New EU Legislation Sets Standards and Safeguards for Growing Crypto Asset Market
MEPs have given their approval to the first piece of EU legislation that focuses on tracking transfers of crypto-assets such as Bitcoin and electronic money tokens.
The legislation, which was agreed upon by negotiators from the Parliament and Council in June 2022, received a total of 529 votes in favour, 29 votes against, and 14 abstentions.
The main objective of the legislation is to ensure that all crypto transfers can be traced, just like any other financial transaction, and suspicious activities can be prevented. To achieve this, the “travel rule” that is already applied in traditional finance will now extend to crypto transfers.
This means that information about the origin of the asset and the recipient must be included in the transaction and stored on both sides of the transfer.
The new law will also cover transactions above €1000 that involve self-hosted wallets (i.e., crypto wallets owned by private individuals) when they interact with hosted wallets managed by crypto service providers. However, it will not apply to person-to-person transfers that are conducted without any provider or between providers who act on their own behalf.
Uniform EU market rules for crypto-assets
The Plenary has given its final approval, with 517 votes in favour, 38 against, and 18 abstentions, to new common rules on the supervision, consumer protection, and environmental safeguards of crypto-assets, including cryptocurrencies (MiCA).

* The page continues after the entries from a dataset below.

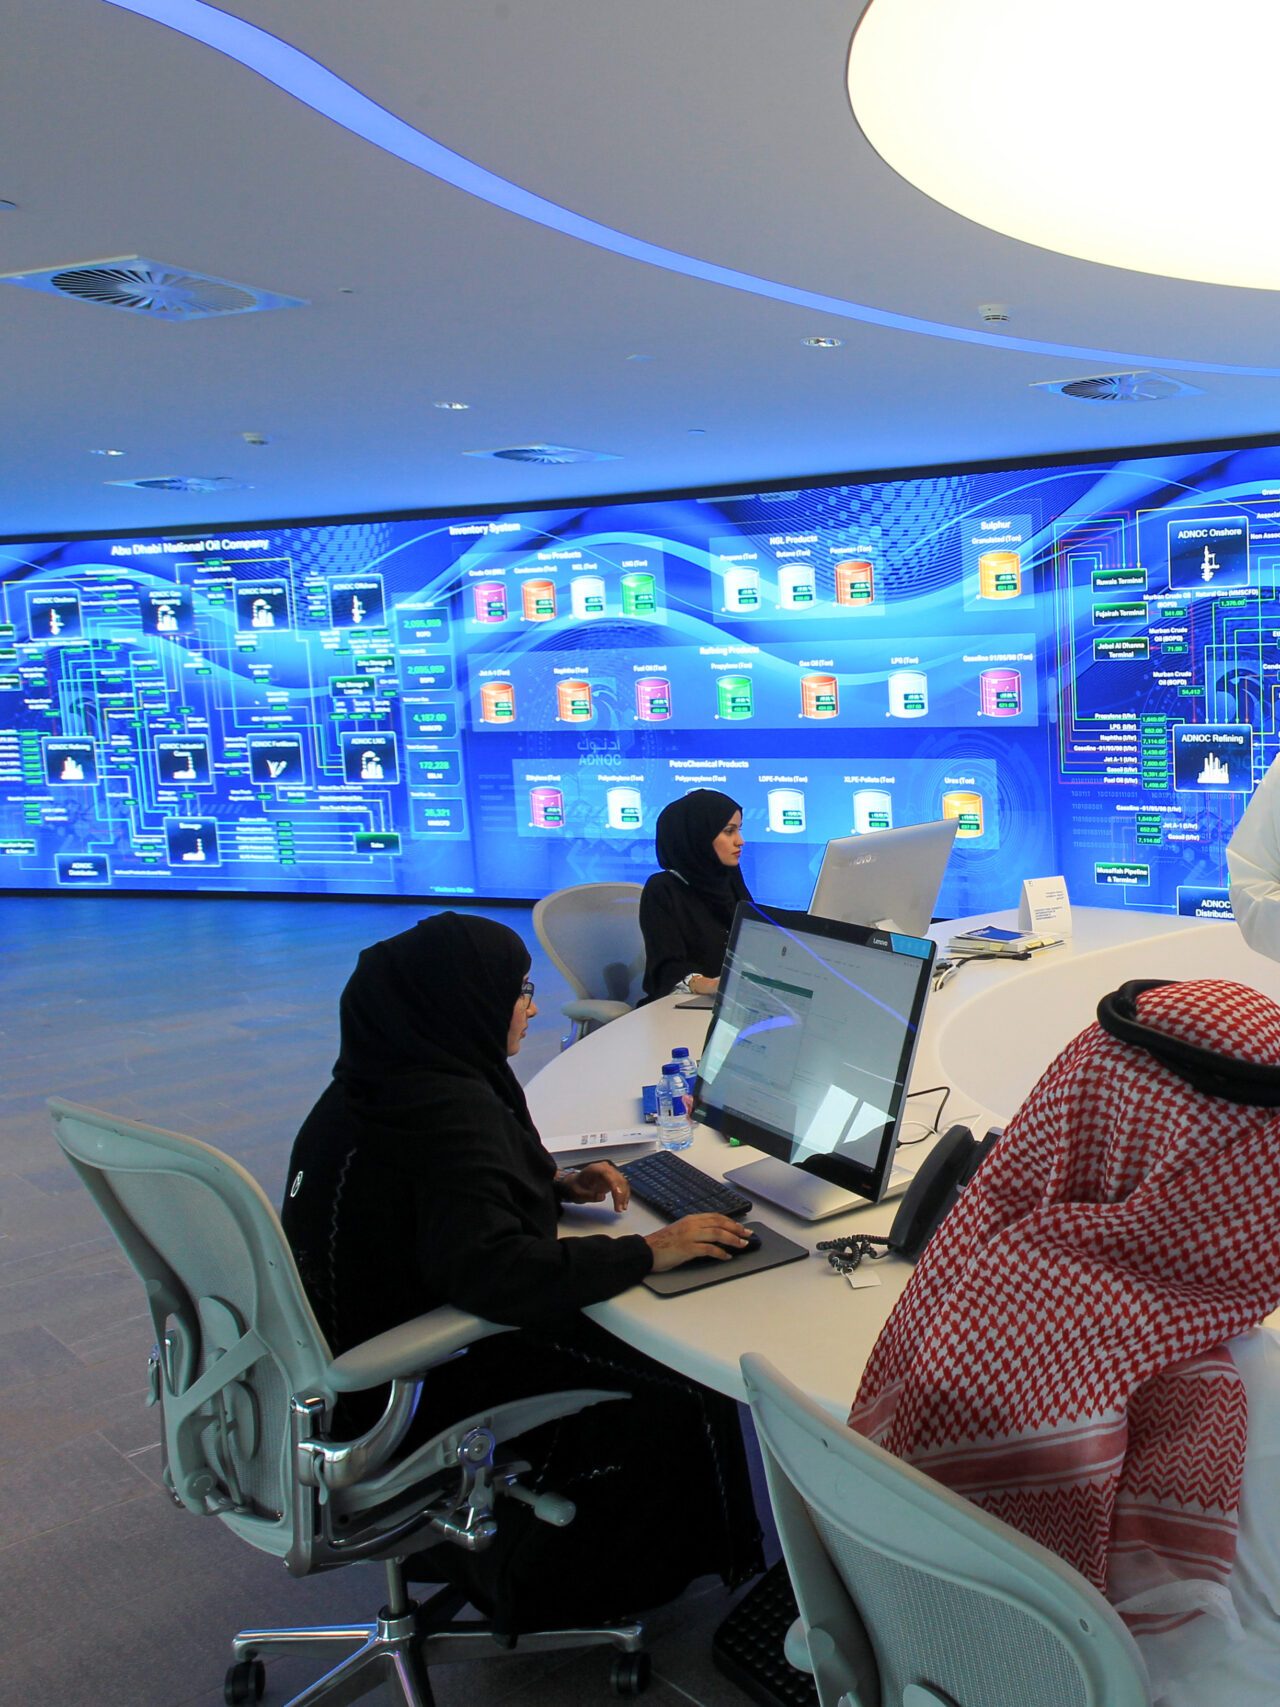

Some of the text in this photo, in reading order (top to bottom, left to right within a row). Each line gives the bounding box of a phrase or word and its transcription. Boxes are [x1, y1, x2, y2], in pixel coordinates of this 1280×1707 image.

[450, 522, 521, 536] Inventory System
[981, 520, 1010, 531] Sulphur
[1178, 527, 1242, 539] ADNOC Onshore
[770, 534, 818, 545] NGL Products
[972, 534, 1022, 544] Granulated (Ton)
[112, 538, 270, 556] Abu Dhabi National Oil Company
[552, 550, 582, 560] Products
[1181, 734, 1244, 744] ADNOC Refining
[578, 754, 622, 766] ADNOC
[669, 760, 749, 768] PetroChemical Products
[1201, 900, 1231, 908] ADNOC
[1196, 909, 1235, 920] Distributio
[872, 937, 889, 947] Lenovo
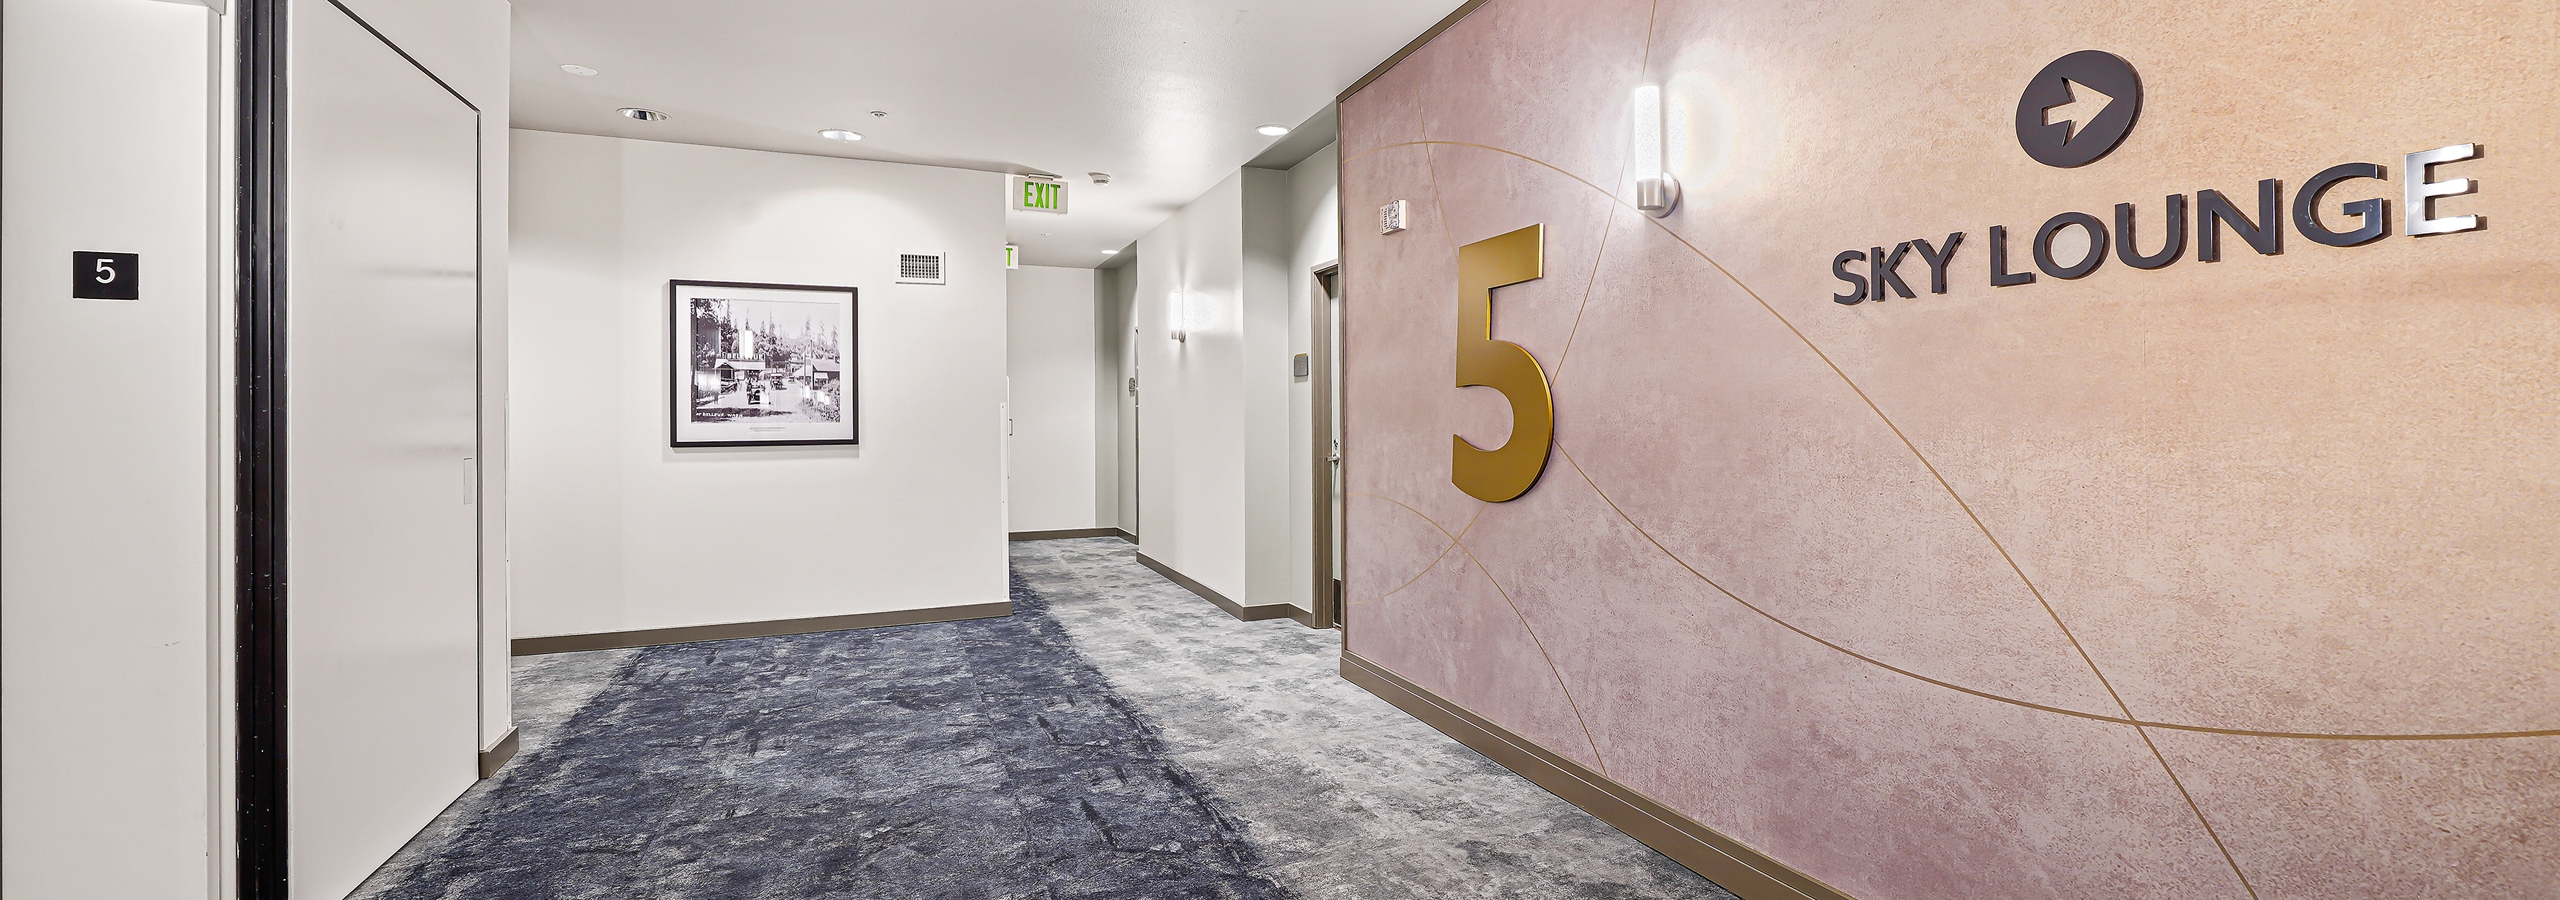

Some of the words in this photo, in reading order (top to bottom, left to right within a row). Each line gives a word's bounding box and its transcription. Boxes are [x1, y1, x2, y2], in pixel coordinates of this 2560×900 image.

[1024, 181, 1061, 210] EXIT
[1832, 232, 1966, 306] SKY
[1989, 143, 2480, 287] LOUNGE
[96, 259, 116, 284] 5
[1452, 223, 1554, 503] 5
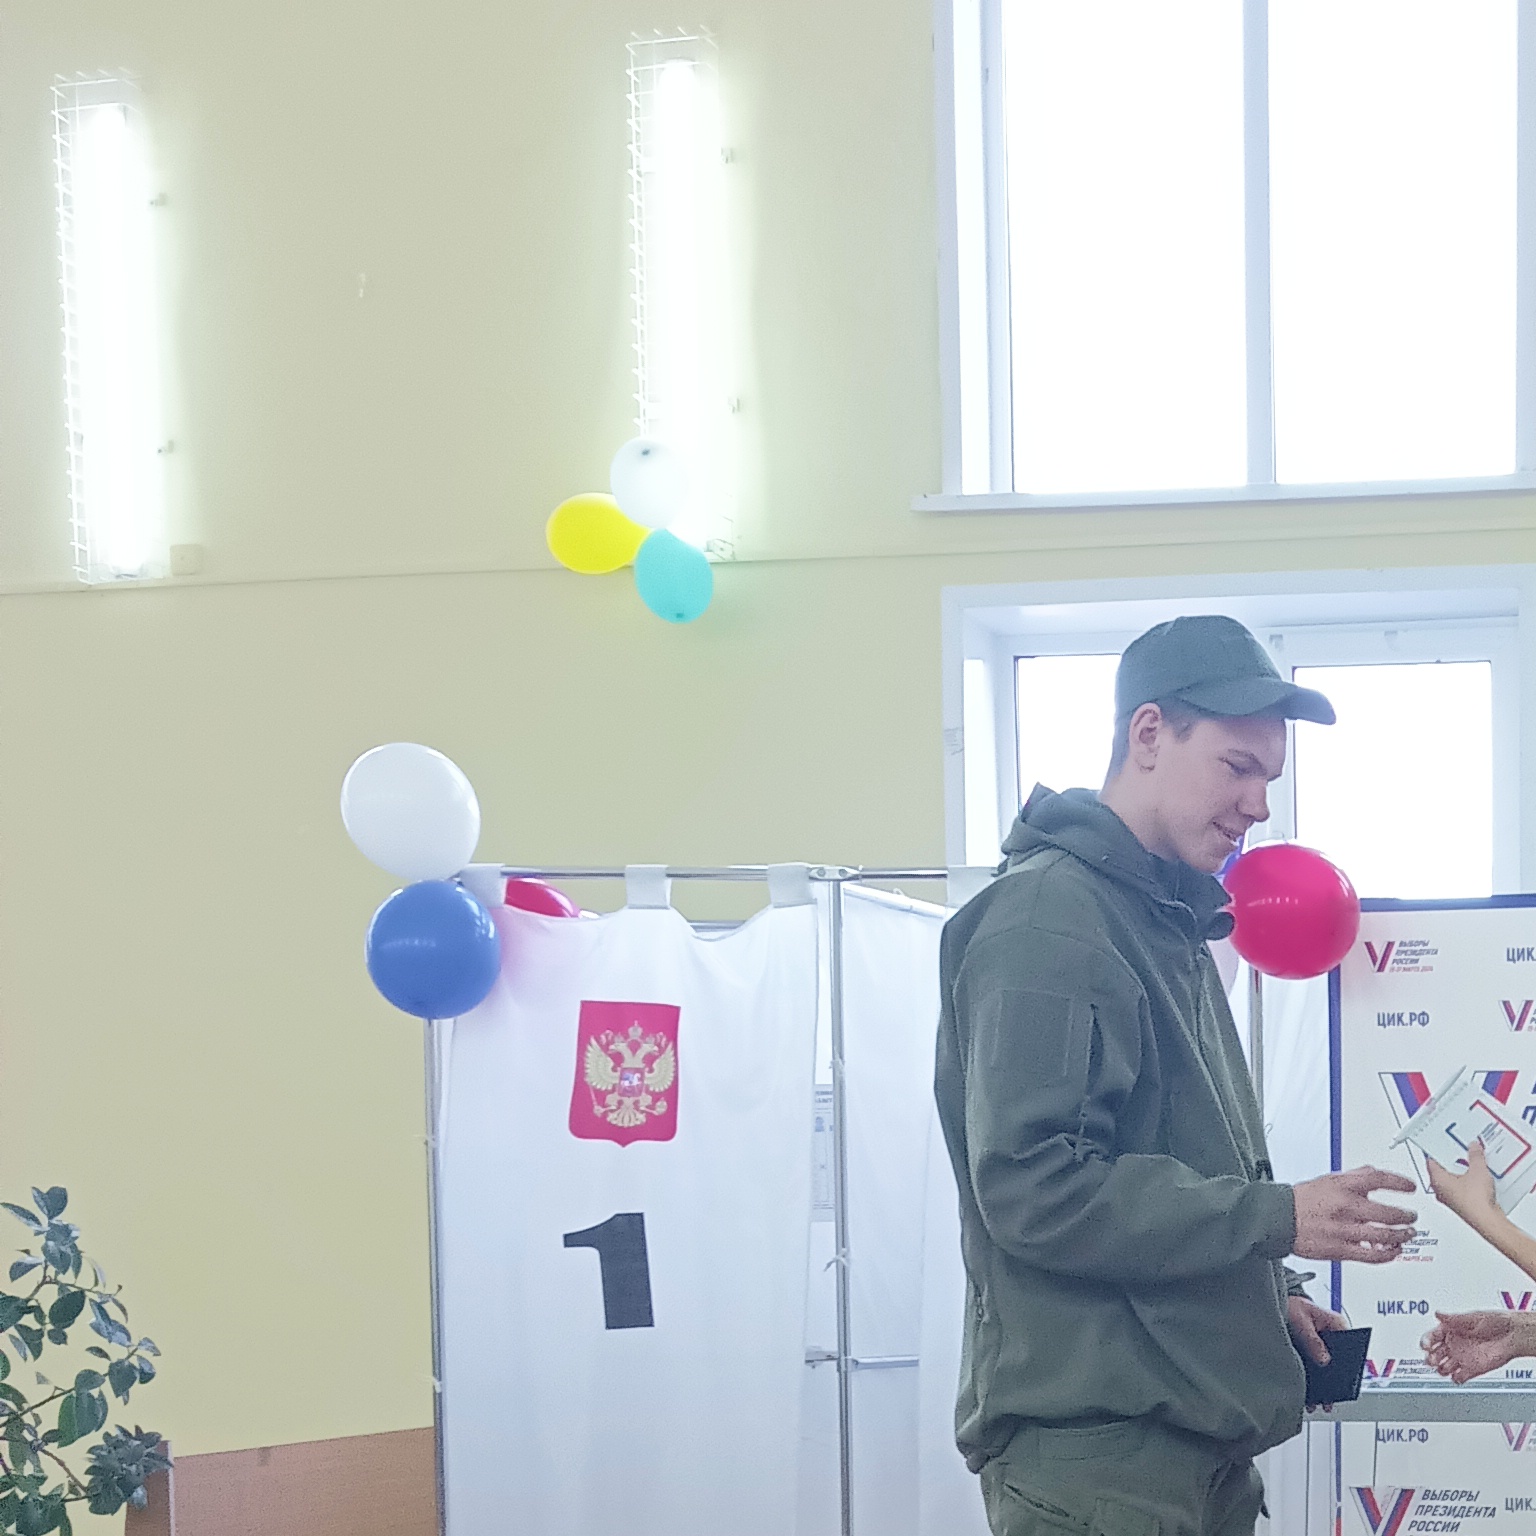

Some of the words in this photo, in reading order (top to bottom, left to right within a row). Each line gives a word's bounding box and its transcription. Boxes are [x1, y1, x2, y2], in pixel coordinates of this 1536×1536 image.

[1376, 1011, 1430, 1028] ЦИК.РФ
[563, 1212, 655, 1330] 1
[1376, 1300, 1430, 1317] ЦИК.РФ
[1375, 1428, 1429, 1444] ЦИК.РФ
[1421, 1489, 1481, 1503] ВЫБОРЫ
[1414, 1504, 1498, 1520] ПРЕЗИДЕНТА
[1407, 1520, 1461, 1533] РОССИИ

These rules will apply to crypto-assets that are not currently covered by existing financial services legislation.
The main aim is to ensure transparency, disclosure, authorization, and supervision of transactions involving the issuing and trading of crypto-assets such as asset-reference tokens and e-money tokens. Consumers will be better informed about the risks and costs associated with these operations.
Furthermore, the new legal framework will support market integrity and financial stability by regulating public offers of crypto-assets.
The agreed text also includes measures to prevent market manipulation, money laundering, terrorist financing, and other criminal activities.
The European Securities and Markets Authority (ESMA) will set up a public register for non-compliant crypto-assets service providers that operate in the European Union without authorization.
To reduce the carbon footprint of crypto-currencies, significant service providers will have to disclose their energy consumption.
Overall, the new rules aim to provide safeguards against market manipulation and financial crime while promoting transparency, consumer protection, and environmental responsibility in the crypto-asset industry.
The next stage is for the Council to formally approve the texts before they are published in the EU Official Journal. Once published, they will become effective 20 days later.
By passing this legislation, the Parliament is addressing the public’s demand to establish guidelines and protections for the use of blockchain technology, as outlined in Proposal 35(8) of the Conference on the Future of Europe‘s conclusions.